-- Source records follows --

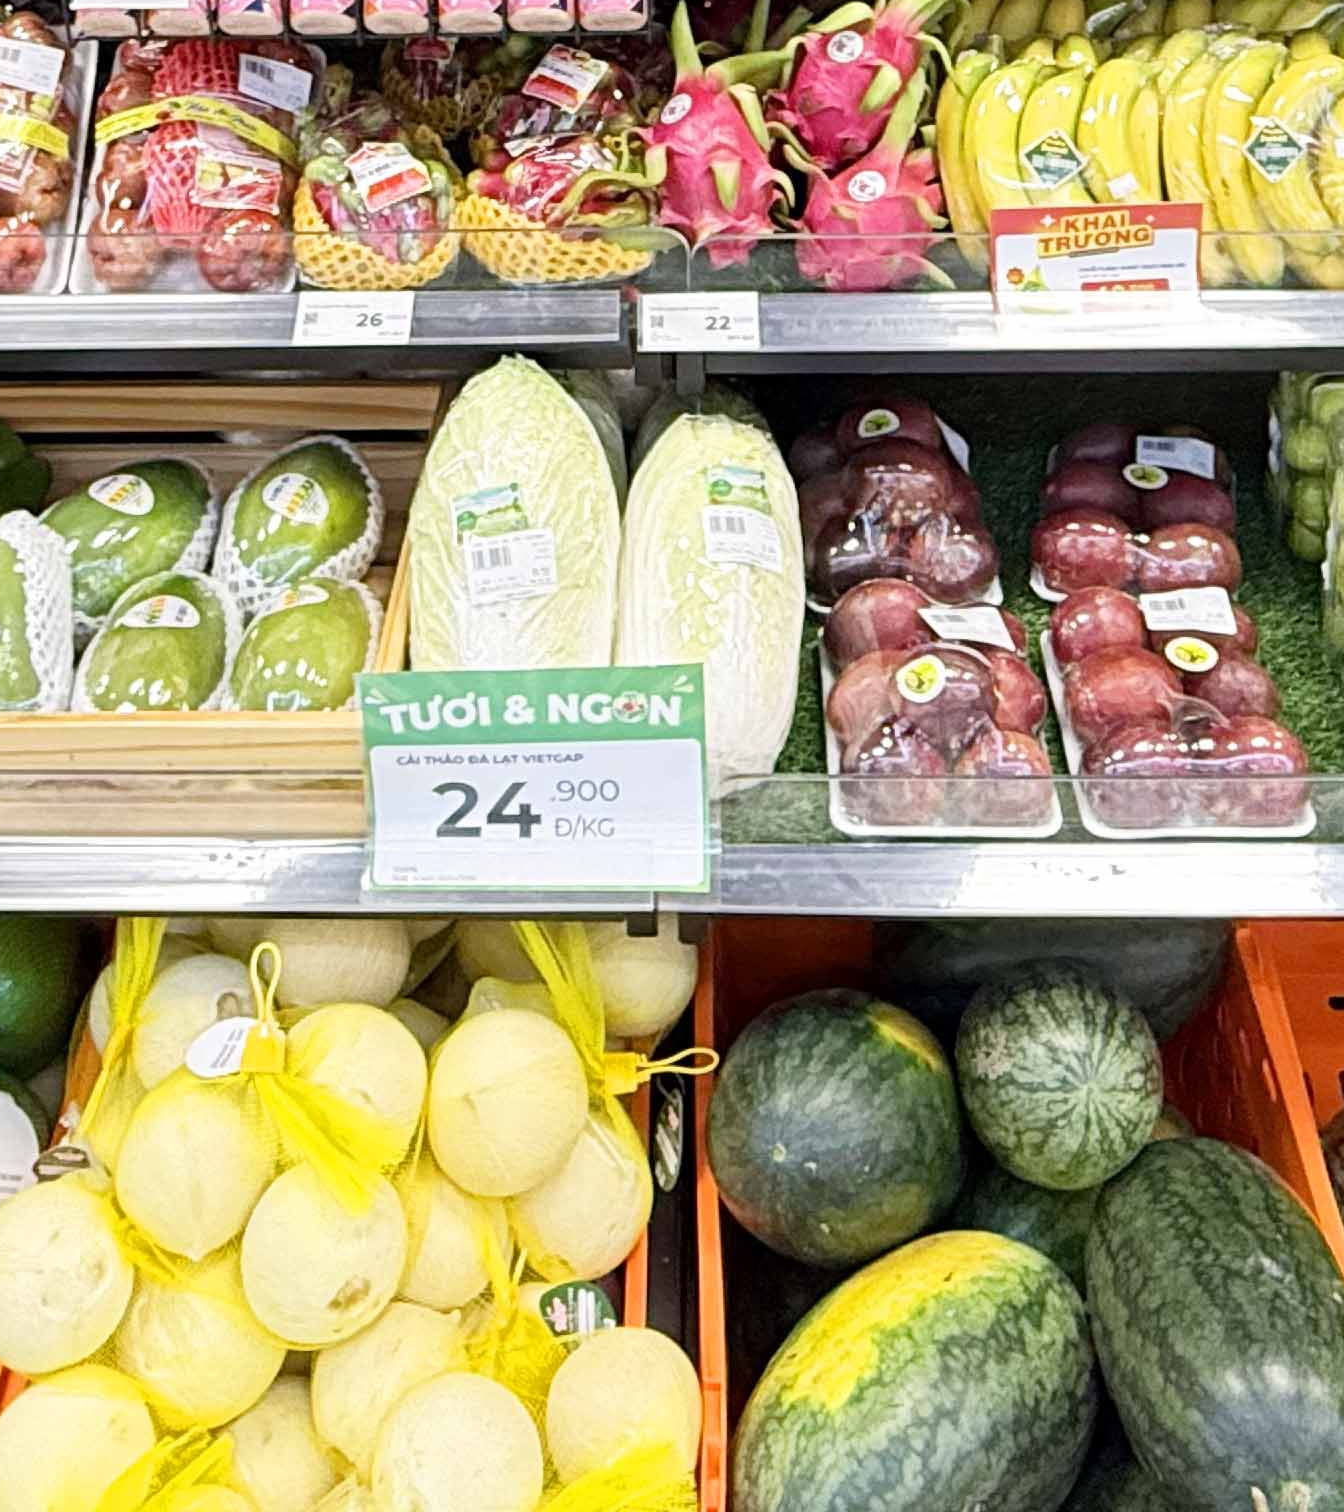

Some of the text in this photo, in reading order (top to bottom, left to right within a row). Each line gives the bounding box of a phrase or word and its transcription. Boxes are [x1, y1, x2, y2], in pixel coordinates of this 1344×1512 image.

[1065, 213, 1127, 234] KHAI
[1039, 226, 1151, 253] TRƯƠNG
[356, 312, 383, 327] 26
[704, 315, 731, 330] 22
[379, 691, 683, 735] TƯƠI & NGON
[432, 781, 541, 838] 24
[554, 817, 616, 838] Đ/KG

-- Source records concluded --

What is expected:
Return the full listing above exactly as written, and omit the pictures.

Exercise solution:
Some of the text in this photo, in reading order (top to bottom, left to right within a row). Each line gives the bounding box of a phrase or word and its transcription. Boxes are [x1, y1, x2, y2], in pixel coordinates of this 1344×1512 image.

[1065, 213, 1127, 234] KHAI
[1039, 226, 1151, 253] TRƯƠNG
[356, 312, 383, 327] 26
[704, 315, 731, 330] 22
[379, 691, 683, 735] TƯƠI & NGON
[432, 781, 541, 838] 24
[554, 817, 616, 838] Đ/KG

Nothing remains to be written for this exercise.